What This Means for Skill Authors
If you're writing Claude Code skills, here's the takeaway:
1. Add an Output Contract
Every skill should declare what it produces. Format:
## Output Contract
This skill produces:
- **Deliverable 1** with specific details about format and content
- **Deliverable 2** with what makes it useful
- **Deliverable 3** with how to verify it's correct
Be specific. "Code" is not a deliverable. "Multi-stage Dockerfile optimized for layer caching, minimal image size, and security" is.
2. Add Common Mistakes
Every skill should teach what NOT to do. Format:
## Common Mistakes
| Mistake | Symptom | Fix |
|---------|---------|-----|
| Specific thing people do wrong | What goes wrong when they do it | How to do it right |
The table format is important. It's scannable. Claude can reference it quickly. And it encodes expert knowledge that the skill can then prevent rather than repair.
3. Follow the Description Formula
[What it does] [When to use it — specific trigger phrases]. NOT for [explicit exclusions with alternatives].

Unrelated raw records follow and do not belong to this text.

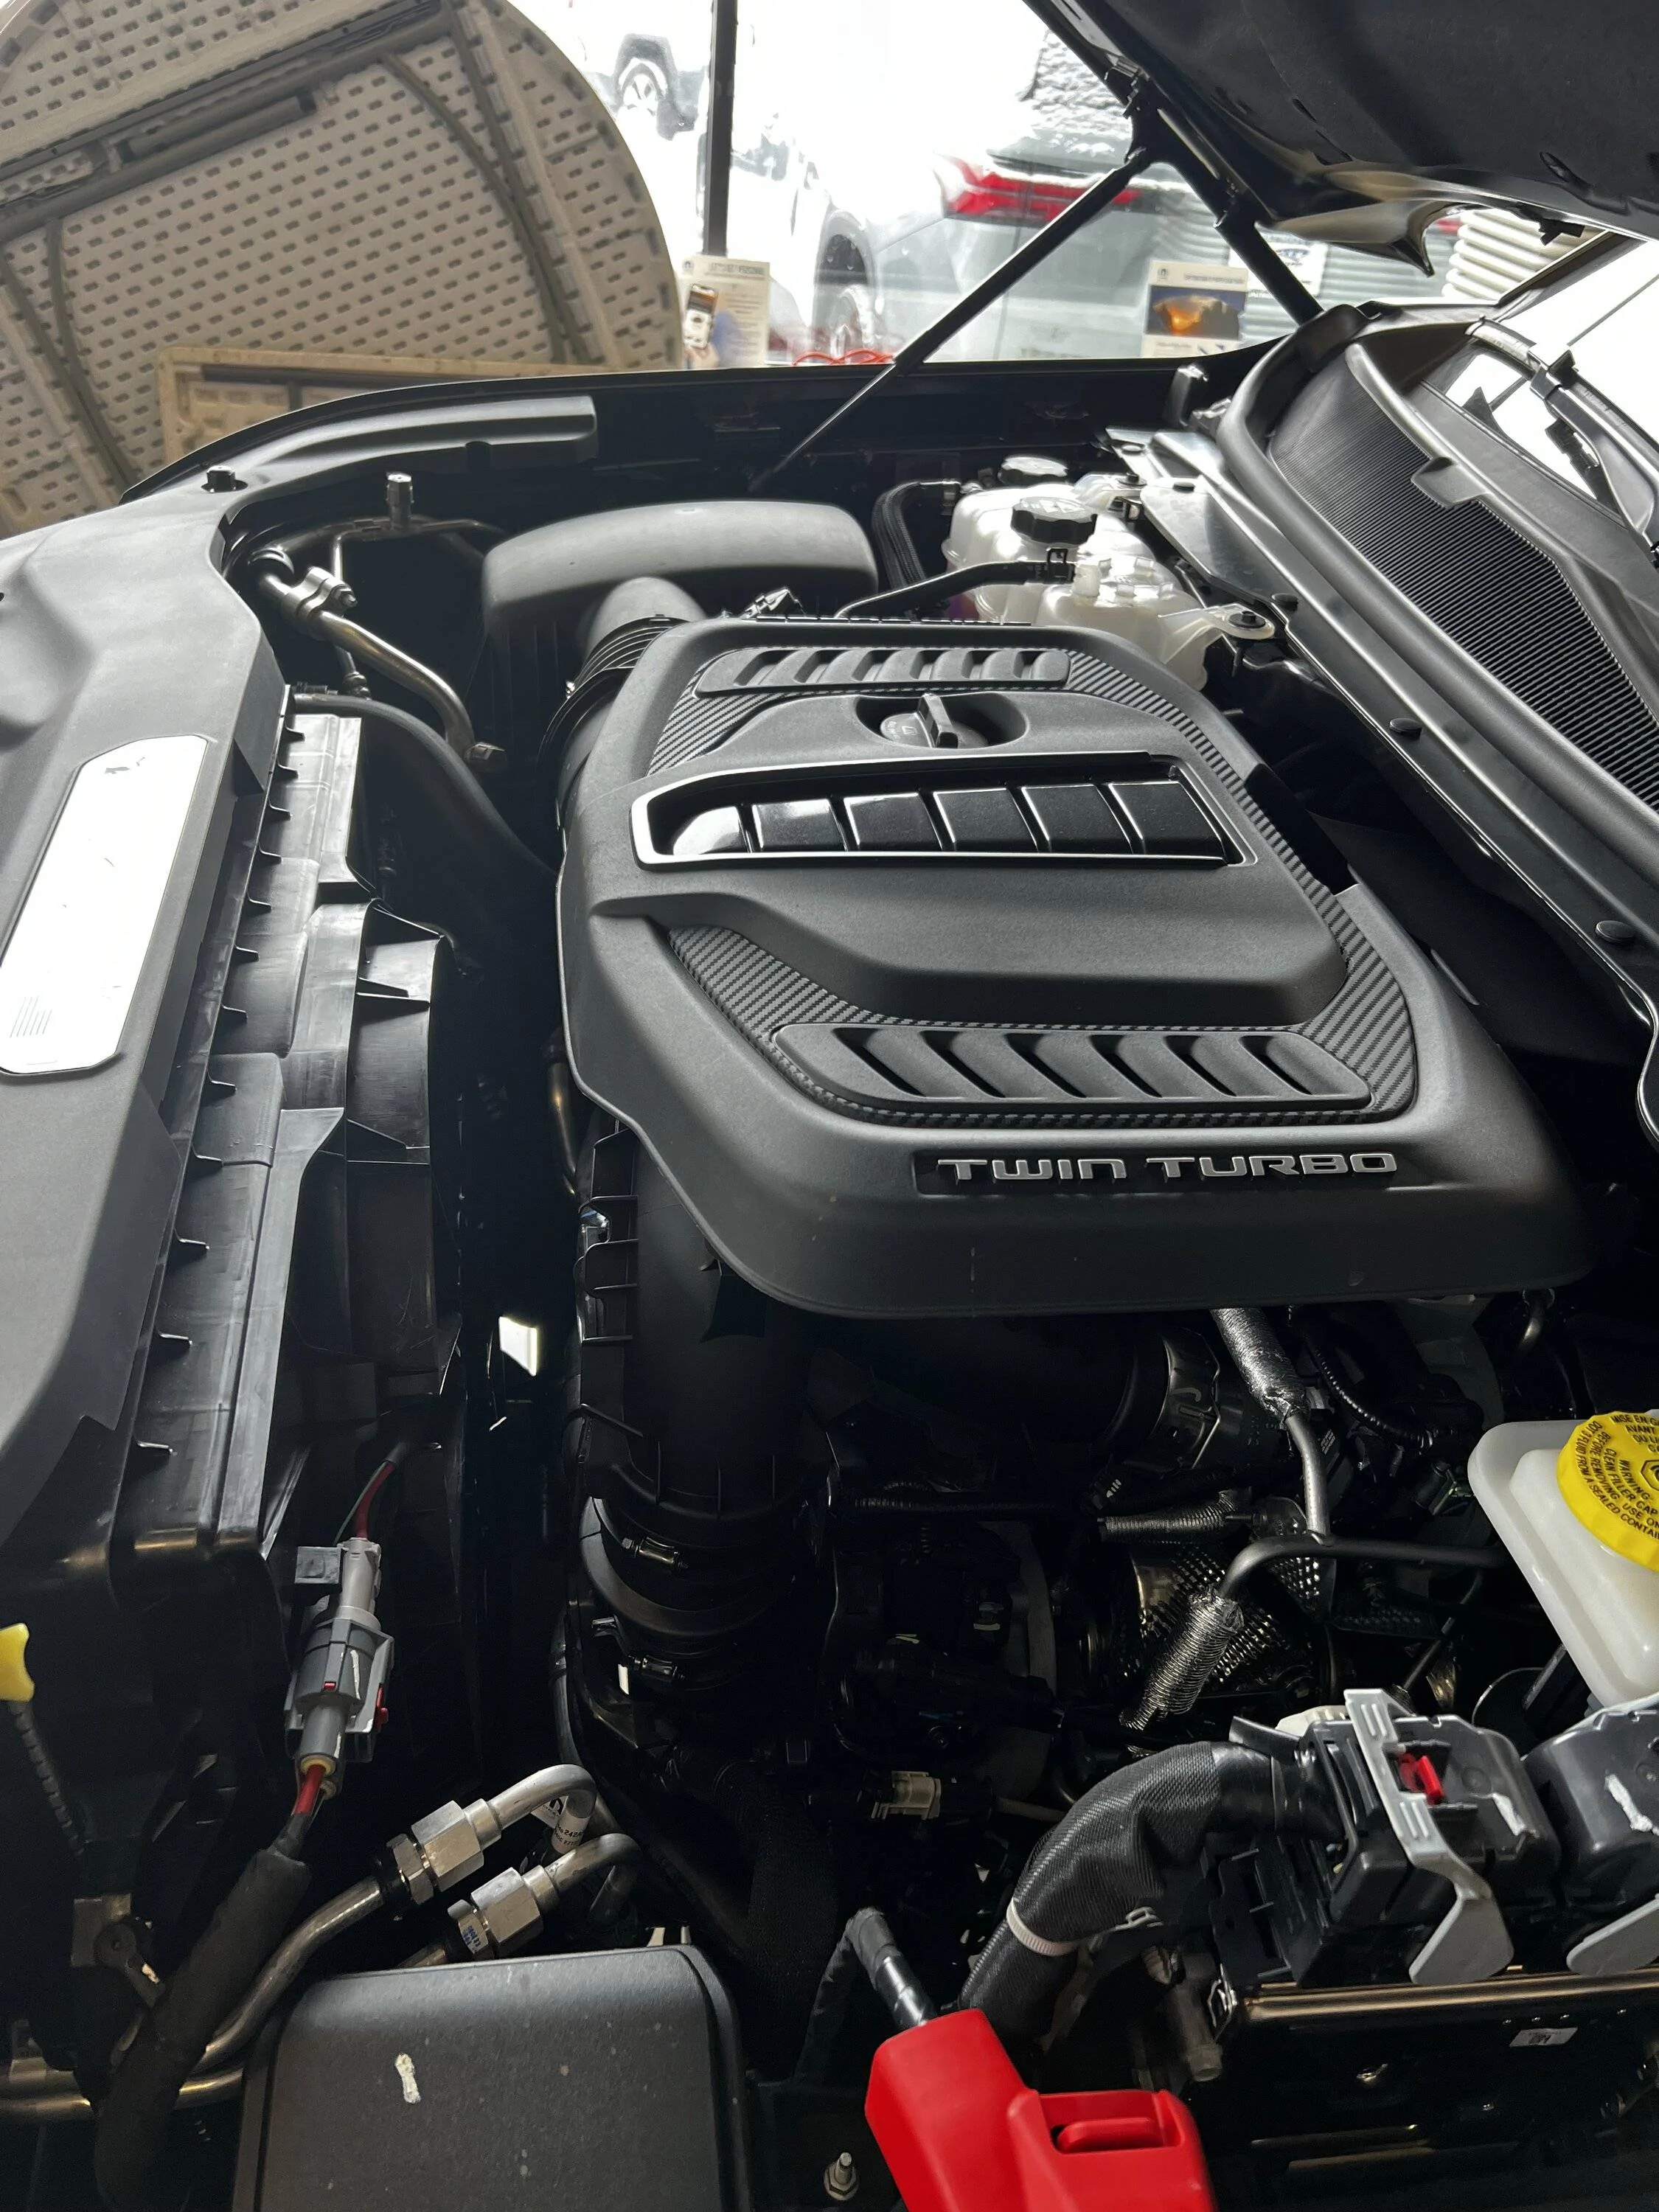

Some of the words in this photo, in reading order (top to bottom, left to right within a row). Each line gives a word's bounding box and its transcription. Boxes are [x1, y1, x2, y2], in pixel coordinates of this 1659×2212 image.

[937, 1158, 1127, 1180] TWIN
[1147, 1152, 1397, 1178] TURBO
[1585, 1420, 1603, 1434] DOT
[1610, 1414, 1632, 1424] MISE
[1633, 1414, 1647, 1424] EN
[1625, 1425, 1655, 1434] AVANT
[1576, 1435, 1589, 1455] FLUID
[1576, 1455, 1591, 1475] FROM
[1604, 1447, 1617, 1472] CLEAN
[1590, 1431, 1611, 1456] BEFORE
[1622, 1503, 1644, 1520] USE
[1607, 1473, 1636, 1501] FILLER
[1589, 1485, 1621, 1514] SEALED
[1636, 1500, 1658, 1515] CAP

The NOT clause matters more as your skill library grows. With 5 skills, false positives are rare. With 191, they're constant.
4. Stay Under 500 Lines
If your SKILL.md exceeds 500 lines, move depth to /references/. The skill body should be procedural — do this, then this, watch out for that. Long-form explanations, code examples, and configuration details belong in reference files that load on demand.
What's Next
This was a structural pass — adding the one section that was universally missing. The next passes go deeper:
- Description optimization — running eval loops to test activation rates across all 191 skills
- Progressive disclosure audit — skills over 500 lines need content moved to references
- Visual artifact pass — adding decision trees and Mermaid diagrams where workflows are currently described in prose
- Impact measurement — comparing skill output quality before and after Output Contracts using skill-logger's framework
Each of these passes uses the same pattern: grade → identify → fix → verify. The rubric is the constant. The skills improve.
The improvement scripts are at corpus/scripts/batch_improve_all.py. The 10-axis rubric is defined in skill-grader. The meta-skill ecosystem — architect, grader, coach, logger — is available at someclaudeskills.com.